A framework of complementary behavior has been identified which maintains that direct manipulation and speech interface modalities have reciprocal strengths and weaknesses. This suggests that user interface performance and acceptance may increase by adopting a multimodal approach that combines speech and direct manipulation. Based on this concept and the theory of perceptual structures, this work examined the hypothesis that the speed, accuracy, and acceptance of a multimodal speech and direct manipulation interface would increase when the modalities match the perceptual structure of the input attributes.

A software prototype to collect histopathology data was developed with two interfaces to test this hypothesis. The first interface used speech and direct manipulation in a way that did not match the perceptual structure of the attributes, while the second interface used speech and direct manipulation in a way that best matched the perceptual structure. A group of 20 clinical and veterinary pathologists evaluated the prototype in an experimental setting using repeating measures. The independent variables were interface order and task order, and the dependent variables were task completion time, speech errors, mouse errors, diagnosis errors, and user acceptance.

The results of this experiment support the hypothesis that the perceptual structure of an input task is an important consideration when designing multimodal computer interfaces.

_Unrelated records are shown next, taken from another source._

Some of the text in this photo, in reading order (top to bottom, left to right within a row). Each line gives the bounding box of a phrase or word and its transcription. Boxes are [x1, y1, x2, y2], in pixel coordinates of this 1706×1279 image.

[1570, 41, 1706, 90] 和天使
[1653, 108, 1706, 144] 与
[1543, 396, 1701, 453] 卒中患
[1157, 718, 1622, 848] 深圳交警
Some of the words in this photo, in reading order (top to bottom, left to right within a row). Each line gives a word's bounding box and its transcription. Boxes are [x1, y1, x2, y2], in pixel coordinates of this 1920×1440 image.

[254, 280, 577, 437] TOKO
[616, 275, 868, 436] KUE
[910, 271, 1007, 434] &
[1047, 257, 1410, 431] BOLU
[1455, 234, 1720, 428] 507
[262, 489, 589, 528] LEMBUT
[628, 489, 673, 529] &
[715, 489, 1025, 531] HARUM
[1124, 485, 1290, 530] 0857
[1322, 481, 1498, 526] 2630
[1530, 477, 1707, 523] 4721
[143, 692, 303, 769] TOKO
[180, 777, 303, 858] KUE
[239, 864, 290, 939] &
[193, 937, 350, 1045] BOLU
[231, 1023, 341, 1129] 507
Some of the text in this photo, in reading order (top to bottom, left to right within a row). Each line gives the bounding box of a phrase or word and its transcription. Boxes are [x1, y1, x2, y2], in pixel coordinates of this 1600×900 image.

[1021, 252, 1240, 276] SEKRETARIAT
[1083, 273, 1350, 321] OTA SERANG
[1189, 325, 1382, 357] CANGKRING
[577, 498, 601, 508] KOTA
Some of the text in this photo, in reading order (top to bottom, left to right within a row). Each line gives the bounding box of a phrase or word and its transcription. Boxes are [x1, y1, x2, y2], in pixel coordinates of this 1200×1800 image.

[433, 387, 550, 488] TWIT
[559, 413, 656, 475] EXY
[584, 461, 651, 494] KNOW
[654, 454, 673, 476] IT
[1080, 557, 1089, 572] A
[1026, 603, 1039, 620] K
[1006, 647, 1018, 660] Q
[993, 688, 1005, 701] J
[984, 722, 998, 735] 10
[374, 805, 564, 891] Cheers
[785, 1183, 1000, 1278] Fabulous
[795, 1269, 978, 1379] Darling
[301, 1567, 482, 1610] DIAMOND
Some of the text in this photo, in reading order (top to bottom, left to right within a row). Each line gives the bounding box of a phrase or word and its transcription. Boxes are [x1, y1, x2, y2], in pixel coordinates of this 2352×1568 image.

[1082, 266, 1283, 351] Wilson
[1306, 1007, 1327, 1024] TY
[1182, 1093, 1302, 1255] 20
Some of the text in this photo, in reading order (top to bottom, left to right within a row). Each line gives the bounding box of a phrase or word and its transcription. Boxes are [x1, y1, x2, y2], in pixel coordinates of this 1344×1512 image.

Task completion time improved by 22.5%, speech errors were reduced by 36%, and user acceptance increased 6.7% with the computer interface that best matched the perceptual structure of the input attributes. Mouse errors increased slightly and diagnosis errors decreased slightly, but these were not statistically significant. There was no relationship between user acceptance and time, suggesting that speed is not the predominate factor in determining approval. User acceptance was related to speech recognition errors, suggesting that recognition accuracy is critical to user satisfaction. User acceptance was also shown to be related to domain errors, suggesting that the more domain expertise a person has, the more he or she will embrace the computer interface.